▶ **ACTIVITY**
Omit the pictures and copy the entries exactly.

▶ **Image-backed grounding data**
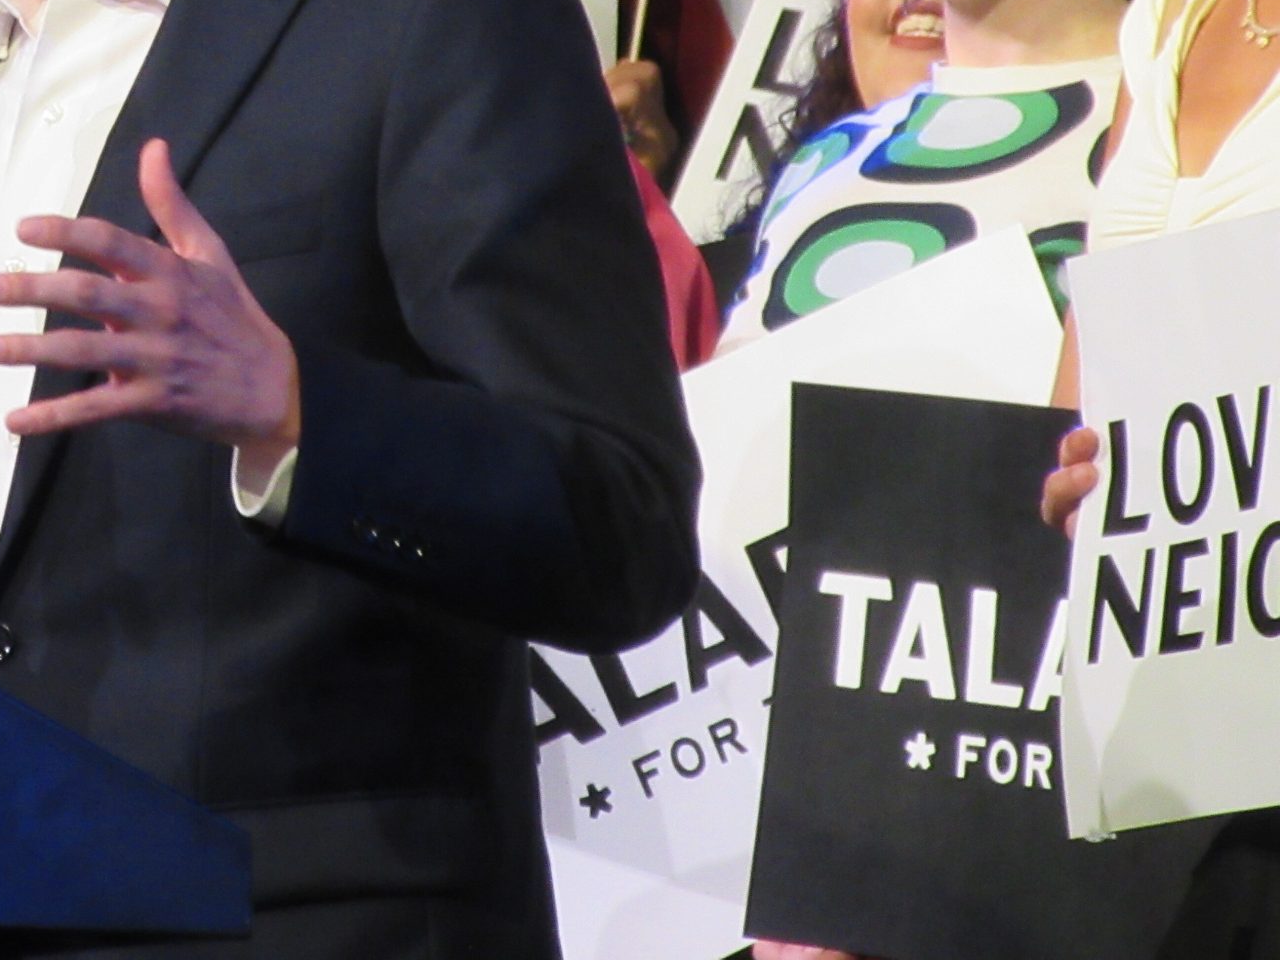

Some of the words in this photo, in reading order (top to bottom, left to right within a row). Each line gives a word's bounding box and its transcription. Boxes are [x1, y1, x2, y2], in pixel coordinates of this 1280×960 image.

[1102, 384, 1271, 537] LOV
[632, 717, 748, 798] FOR
[955, 733, 1052, 790] FOR
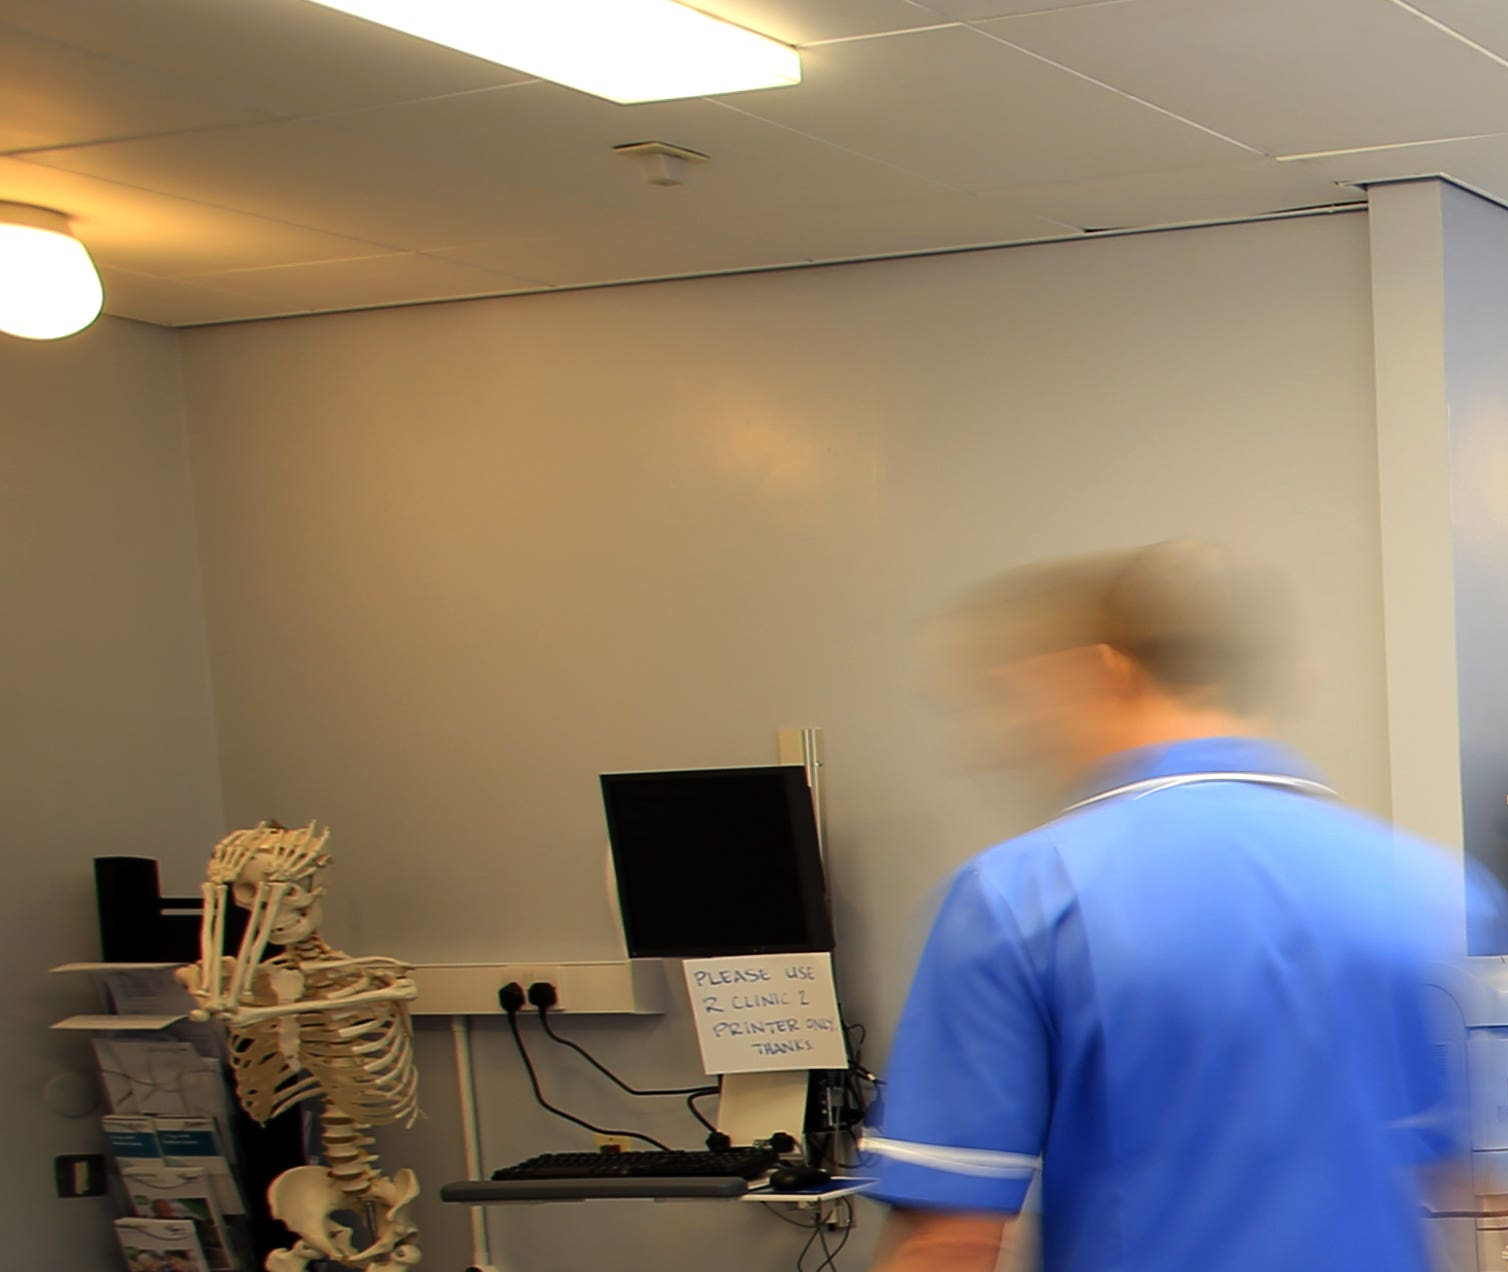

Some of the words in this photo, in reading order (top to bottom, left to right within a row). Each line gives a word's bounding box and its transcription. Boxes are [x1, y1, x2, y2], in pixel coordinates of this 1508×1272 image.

[693, 967, 771, 987] PLEASE
[785, 965, 815, 981] USE
[732, 991, 789, 1011] CLINIC
[713, 1018, 800, 1038] PRINTER
[752, 1039, 813, 1056] THANKS
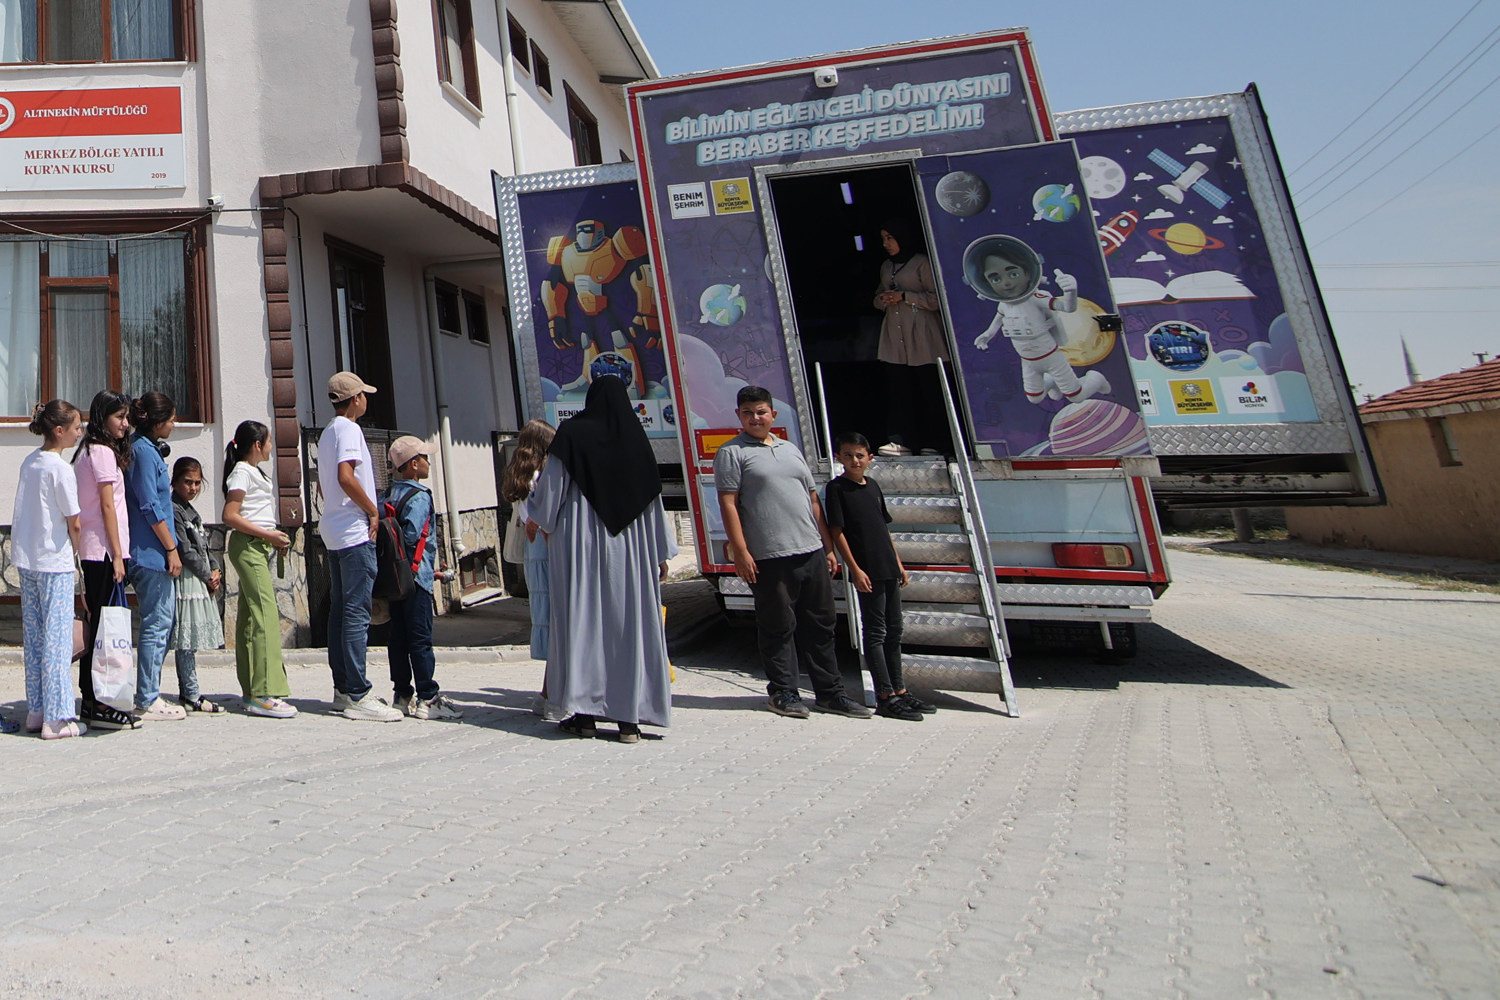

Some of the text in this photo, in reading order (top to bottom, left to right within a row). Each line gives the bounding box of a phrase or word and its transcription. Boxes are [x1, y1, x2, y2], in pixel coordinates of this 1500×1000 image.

▶ **RESPONSE**
Some of the words in this photo, in reading order (top to bottom, left to right within a row). Each line gives a word's bounding box and its transcription. Boxes are [x1, y1, x2, y2], in pixel coordinates of this 1280×960 image.

[1102, 384, 1271, 537] LOV
[632, 717, 748, 798] FOR
[955, 733, 1052, 790] FOR

Some of the words in this photo, in reading order (top to bottom, left to right within a row). Each line gives a word's bounding box and its transcription. Boxes are [x1, y1, x2, y2], in pixel coordinates of this 1508×1272 image.

[693, 967, 771, 987] PLEASE
[785, 965, 815, 981] USE
[732, 991, 789, 1011] CLINIC
[713, 1018, 800, 1038] PRINTER
[752, 1039, 813, 1056] THANKS

Some of the text in this photo, in reading order (top to bottom, left to right within a row). Each line gives the bounding box of a phrase or word and its transcription. Boxes are [x1, y1, x2, y2], in pixel coordinates of this 1500×1000 image.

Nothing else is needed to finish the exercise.